Web-Based Learning Resources
Classroom technology is also on the K-12 agenda this year. Robert Miller, a fifth grade teacher at Port Orange Elementary in DeLand, FL, said the instructors at the 380-student school have embraced the Web as a source of effective, affordable IT tools. Teachers recently started using IT tools like Safari Montage (for media management and distribution) and BrainPOP (an animated educational site for students) in their classrooms, he said, and are looking to implement more online tools this year.
“We pretty much just reach outside of the classroom and use the IT resources that are out there,” said Miller, who began using Edmodo, an application that connects teachers with free online educational tools, a few months ago. Using the system, he said students can keep up in real-time with assignments while out of school, “rather than waiting to get back to class to get their makeup work.” Taking that concept a step further, this year Miller wants to replace his 4-year-old “static” classroom Web site with a more dynamic online presence that will serve as an “anchor for class collaboration.”
Because many of Miller’s IT projects are either free or affordable and involve no heavy installation or training, he said, putting them into use has been fairly simple, despite the budgetary constraints that all districts are facing right now. “A lot of companies are offering free services or educator pricing that makes the IT much more attainable,” said Miller.
Putting Classroom Tools to Use
Day Rosenberg, director of upper school at Far Hills Country Day School in Far Hills, NJ, also wants to add to his school’s IT toolbox this year. With 125 students in grades 6 through 8, the school has a number of technology projects in the works for 2010 and several more on the agenda. He said the institution is making the transition from being a “gatherer of IT equipment” to actually using the tools in the classroom.
“Now that we have the gear, we have to make sure the teachers know how to use it in the classroom,” said Rosenberg. That means ensuring that those Smart boards, laptops, and projectors that the school bought last year are put into action this year, and not left to gather dust in the corner of the classroom as educators go about teaching in their traditional ways.
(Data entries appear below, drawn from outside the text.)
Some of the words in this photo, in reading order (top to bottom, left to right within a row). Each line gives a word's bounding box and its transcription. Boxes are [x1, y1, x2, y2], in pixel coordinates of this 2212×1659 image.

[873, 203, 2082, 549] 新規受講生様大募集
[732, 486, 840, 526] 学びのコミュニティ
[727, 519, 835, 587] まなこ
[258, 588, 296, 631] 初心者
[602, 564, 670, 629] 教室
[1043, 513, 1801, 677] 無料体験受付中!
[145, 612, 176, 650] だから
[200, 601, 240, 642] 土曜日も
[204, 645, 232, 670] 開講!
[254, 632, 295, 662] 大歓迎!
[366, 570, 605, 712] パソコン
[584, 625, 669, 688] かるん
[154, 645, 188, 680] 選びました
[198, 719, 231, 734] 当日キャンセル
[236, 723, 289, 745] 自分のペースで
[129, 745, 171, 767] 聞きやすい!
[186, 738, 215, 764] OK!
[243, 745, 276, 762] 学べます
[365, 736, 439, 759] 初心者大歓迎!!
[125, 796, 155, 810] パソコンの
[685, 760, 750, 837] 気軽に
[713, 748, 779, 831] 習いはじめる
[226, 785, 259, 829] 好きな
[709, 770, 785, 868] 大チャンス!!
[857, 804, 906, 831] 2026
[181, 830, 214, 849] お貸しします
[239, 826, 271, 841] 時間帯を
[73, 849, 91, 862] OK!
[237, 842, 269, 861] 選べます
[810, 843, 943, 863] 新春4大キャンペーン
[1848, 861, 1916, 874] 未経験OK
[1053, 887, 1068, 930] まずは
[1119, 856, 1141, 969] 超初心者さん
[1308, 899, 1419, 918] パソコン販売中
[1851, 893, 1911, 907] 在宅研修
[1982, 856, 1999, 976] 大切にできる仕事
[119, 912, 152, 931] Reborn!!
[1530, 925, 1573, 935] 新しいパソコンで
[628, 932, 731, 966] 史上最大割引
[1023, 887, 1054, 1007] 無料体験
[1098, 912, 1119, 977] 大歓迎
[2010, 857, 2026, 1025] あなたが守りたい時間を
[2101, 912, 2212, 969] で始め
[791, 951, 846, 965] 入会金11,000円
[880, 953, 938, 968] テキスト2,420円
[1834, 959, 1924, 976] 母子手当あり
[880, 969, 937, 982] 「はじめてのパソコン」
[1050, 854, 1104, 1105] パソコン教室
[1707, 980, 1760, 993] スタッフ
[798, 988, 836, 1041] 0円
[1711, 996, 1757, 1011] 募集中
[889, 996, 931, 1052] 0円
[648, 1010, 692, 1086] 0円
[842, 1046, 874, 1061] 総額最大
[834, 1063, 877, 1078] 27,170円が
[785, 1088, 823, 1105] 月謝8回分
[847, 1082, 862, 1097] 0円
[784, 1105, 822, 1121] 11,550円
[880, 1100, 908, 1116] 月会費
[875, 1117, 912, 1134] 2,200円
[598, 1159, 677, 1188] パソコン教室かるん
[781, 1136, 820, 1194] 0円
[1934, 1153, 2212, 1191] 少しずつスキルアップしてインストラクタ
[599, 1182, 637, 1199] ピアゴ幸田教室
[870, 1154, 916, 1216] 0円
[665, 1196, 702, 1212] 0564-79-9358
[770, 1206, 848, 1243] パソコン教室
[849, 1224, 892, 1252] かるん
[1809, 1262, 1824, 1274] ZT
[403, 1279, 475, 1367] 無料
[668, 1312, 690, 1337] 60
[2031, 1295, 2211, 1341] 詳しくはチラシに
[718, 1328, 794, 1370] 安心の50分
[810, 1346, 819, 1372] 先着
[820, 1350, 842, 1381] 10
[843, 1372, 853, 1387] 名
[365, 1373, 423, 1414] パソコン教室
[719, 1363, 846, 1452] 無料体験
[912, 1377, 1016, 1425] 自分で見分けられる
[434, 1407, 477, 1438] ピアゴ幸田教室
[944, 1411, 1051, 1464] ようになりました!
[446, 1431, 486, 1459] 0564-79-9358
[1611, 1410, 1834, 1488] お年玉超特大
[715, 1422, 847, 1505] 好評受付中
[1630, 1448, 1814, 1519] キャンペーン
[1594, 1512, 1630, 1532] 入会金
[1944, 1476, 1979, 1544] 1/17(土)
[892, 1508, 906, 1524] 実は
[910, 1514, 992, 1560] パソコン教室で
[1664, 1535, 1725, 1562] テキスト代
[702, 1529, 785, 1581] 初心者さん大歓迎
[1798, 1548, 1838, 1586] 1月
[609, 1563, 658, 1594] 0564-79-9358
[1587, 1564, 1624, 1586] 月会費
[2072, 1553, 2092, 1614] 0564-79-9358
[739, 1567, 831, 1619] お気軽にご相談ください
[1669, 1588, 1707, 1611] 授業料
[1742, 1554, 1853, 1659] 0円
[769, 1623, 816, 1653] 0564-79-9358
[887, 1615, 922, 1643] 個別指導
Realizing the power and allure of the Internet for students, Far Hills Country Day School is beginning to use student blogs this year. In the history class that Rosenberg teaches, for example, students just started using those blogs to develop paragraph structures, conduct research, and upload maps and charts that support their theses. “We’re using blogs to do all of that right now,” said Rosenberg. “The kids love it.”
Looking ahead, Rosenberg said he’d like to see more screen technology (like Web-based cameras) and Internet communications (like Skype) being used in the classroom. Ultimately, he said, it’s up to the individual teacher to actually use the tools, and to integrate them into the classroom. “When it comes to IT, professional development is essential,” said Rosenberg. “You have to make sure your teachers are experts in technology the same way they are experts in the subject matter that they’re teaching.”